*** RECORDS SUPPLIED

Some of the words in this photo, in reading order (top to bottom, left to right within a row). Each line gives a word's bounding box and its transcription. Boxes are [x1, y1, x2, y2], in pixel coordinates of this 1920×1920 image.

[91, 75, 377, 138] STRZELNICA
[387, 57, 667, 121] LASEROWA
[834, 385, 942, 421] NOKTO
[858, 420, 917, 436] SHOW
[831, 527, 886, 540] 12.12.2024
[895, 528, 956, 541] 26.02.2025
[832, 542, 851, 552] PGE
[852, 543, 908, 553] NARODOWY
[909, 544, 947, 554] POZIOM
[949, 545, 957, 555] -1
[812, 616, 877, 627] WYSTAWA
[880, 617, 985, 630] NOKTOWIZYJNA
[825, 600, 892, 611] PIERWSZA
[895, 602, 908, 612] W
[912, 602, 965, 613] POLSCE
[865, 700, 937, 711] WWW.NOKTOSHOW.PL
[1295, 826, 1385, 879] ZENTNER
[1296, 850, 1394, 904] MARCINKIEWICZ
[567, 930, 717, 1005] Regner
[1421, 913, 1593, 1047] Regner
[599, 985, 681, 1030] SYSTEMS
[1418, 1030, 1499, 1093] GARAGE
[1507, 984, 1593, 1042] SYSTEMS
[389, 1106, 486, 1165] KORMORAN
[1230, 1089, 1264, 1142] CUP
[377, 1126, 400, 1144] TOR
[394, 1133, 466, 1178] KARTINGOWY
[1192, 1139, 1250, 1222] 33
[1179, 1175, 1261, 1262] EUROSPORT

******

TASK DESCRIPTION:
Your answer should be the data above, retyped exactly.

ANSWER SECTION:
Some of the words in this photo, in reading order (top to bottom, left to right within a row). Each line gives a word's bounding box and its transcription. Boxes are [x1, y1, x2, y2], in pixel coordinates of this 1920×1920 image.

[91, 75, 377, 138] STRZELNICA
[387, 57, 667, 121] LASEROWA
[834, 385, 942, 421] NOKTO
[858, 420, 917, 436] SHOW
[831, 527, 886, 540] 12.12.2024
[895, 528, 956, 541] 26.02.2025
[832, 542, 851, 552] PGE
[852, 543, 908, 553] NARODOWY
[909, 544, 947, 554] POZIOM
[949, 545, 957, 555] -1
[812, 616, 877, 627] WYSTAWA
[880, 617, 985, 630] NOKTOWIZYJNA
[825, 600, 892, 611] PIERWSZA
[895, 602, 908, 612] W
[912, 602, 965, 613] POLSCE
[865, 700, 937, 711] WWW.NOKTOSHOW.PL
[1295, 826, 1385, 879] ZENTNER
[1296, 850, 1394, 904] MARCINKIEWICZ
[567, 930, 717, 1005] Regner
[1421, 913, 1593, 1047] Regner
[599, 985, 681, 1030] SYSTEMS
[1418, 1030, 1499, 1093] GARAGE
[1507, 984, 1593, 1042] SYSTEMS
[389, 1106, 486, 1165] KORMORAN
[1230, 1089, 1264, 1142] CUP
[377, 1126, 400, 1144] TOR
[394, 1133, 466, 1178] KARTINGOWY
[1192, 1139, 1250, 1222] 33
[1179, 1175, 1261, 1262] EUROSPORT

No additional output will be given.